Monday, July 14, 2014

Lebron James – Economic Lessons


Lebron has signed with Cleveland for 21 million dollars a year, for two years.  He is an extremely talented basketball player, trains hard, works at his career, plays with elegance and ferocity.  Cleveland obviously believes he is worth more than they are paying _ the capitalist system working in all its beauty.  For all I know he is also highly intelligent, with a winning personality.  Certainly he deserves everything he is getting.  There are basic economic lessons in this story.

Lesson 1 is that commencement speakers lie.  We cannot be anything we want.  The most rewarded are often the most freakish _ with genius intelligence, physical gifts, stamina, or even obscure advantages like a need to sleep only one hour a day.  Not to mention the less discussed differences of luck and birth _ unlike many of his peers, LeBron has fortunately avoided injury.  At under five and a half feet, I could not be Lebron, no matter how much I practiced.  Half the human race is of the wrong sex to be offered his position.

Lesson2 is that there are few equivalent niches in the modern world.  Even if LeBron were 10 years older or injured there would be no equal job into which he could retrain.  The also-rans do not scale gracefully from his high salary to lower ones _ there are probably hundreds of thousands of beneficiaries from professional basketball _ media, airplanes, hotels, construction, ticket takers, advertising, vendors, and so forth.  Find the median income derived from all these and discover inequality of income.  And that has nothing at all to do with how “hard” each of the “losers” is working.  There just are simply few high paying jobs, and most that are very low paying.

Lesson 3 is that “equal opportunity” is a corrosive myth.  The chance to do well is not the same as being groomed or handed wonderful possibilities because of genetic or cultural accidents.  Horatio Alger’s real-life counterparts often starve to death.  Even Ayn Rand’s architect will have fallow periods when no building is going on or he is not part of the current building clique.  This leads to intense hoarding and misery in both good times and bad, for “number one” is always in fragile danger no matter how much he appears to have.  This may be the worst aspect of current academic economic conventional wisdom.

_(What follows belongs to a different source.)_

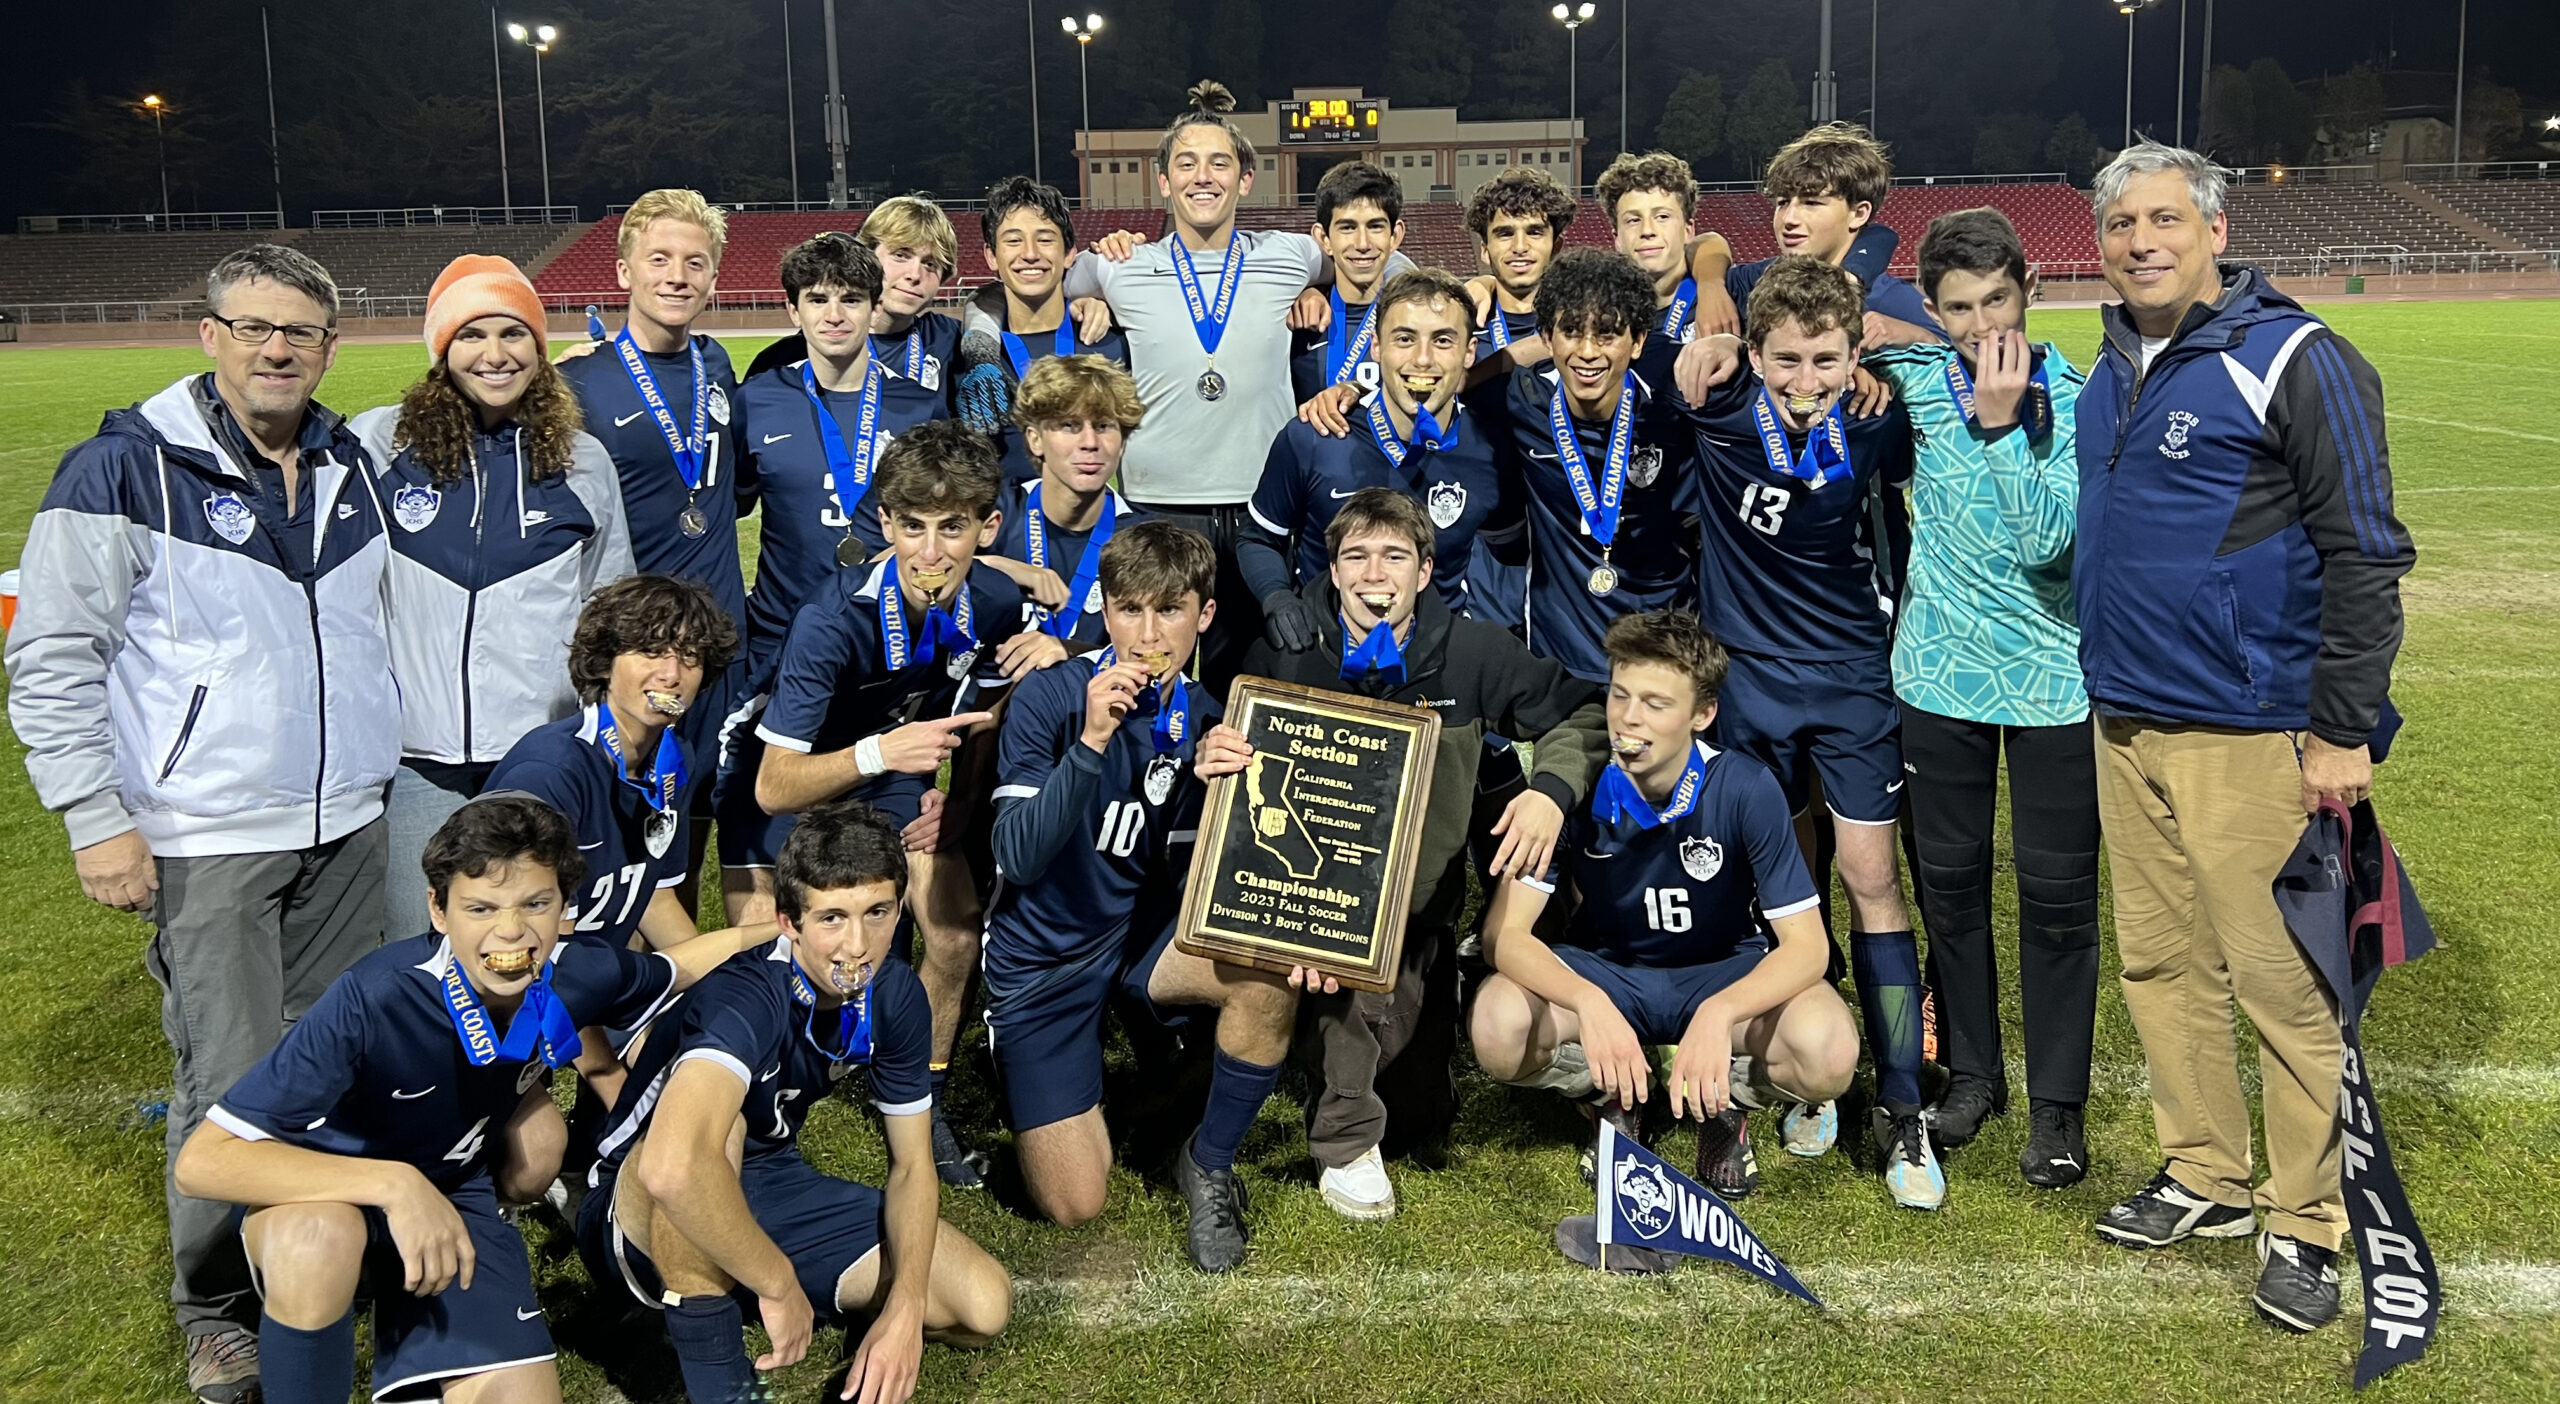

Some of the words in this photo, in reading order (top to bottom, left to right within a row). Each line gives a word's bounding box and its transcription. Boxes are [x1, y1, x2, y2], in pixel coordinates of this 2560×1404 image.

Lesson 4 is that luck is always present.  Time and place matter.  If Lebron had been born fifty years earlier, a basketball career paid nothing at all.  If born two hundred years earlier in the same place, he would likely have been a slave, good for nothing except for an owner to show off, to beat up, and to feed too much for what he was worth.  If born in his ancestor’s native land, he might have been a simple herdsman, hardly distinguished from any of the others of his tribe.  But he has what is needed to meet a current social fad.  Some abilities are always wasted and out of synch with the times _ consider all the frustrated would-be Alexander the Greats or Napoleons.

Lesson 5 is that we need LeBron for social cohesion.  Like any human society, stability requires some bread and circuses.  There is absolutely nothing wrong with escape into the circuses, as long as the bread is not forgotten.  Vast inequality is hardly terrible as long as minimal living standards for everyone are met.  How much should those like LeBron contribute financially to maintain the living standards of the rest of the industrial quasi-slave laborers, a dime a dozen, flipping hamburgers or mowing yards or taking tickets, interchangeable and essentially economically worthless?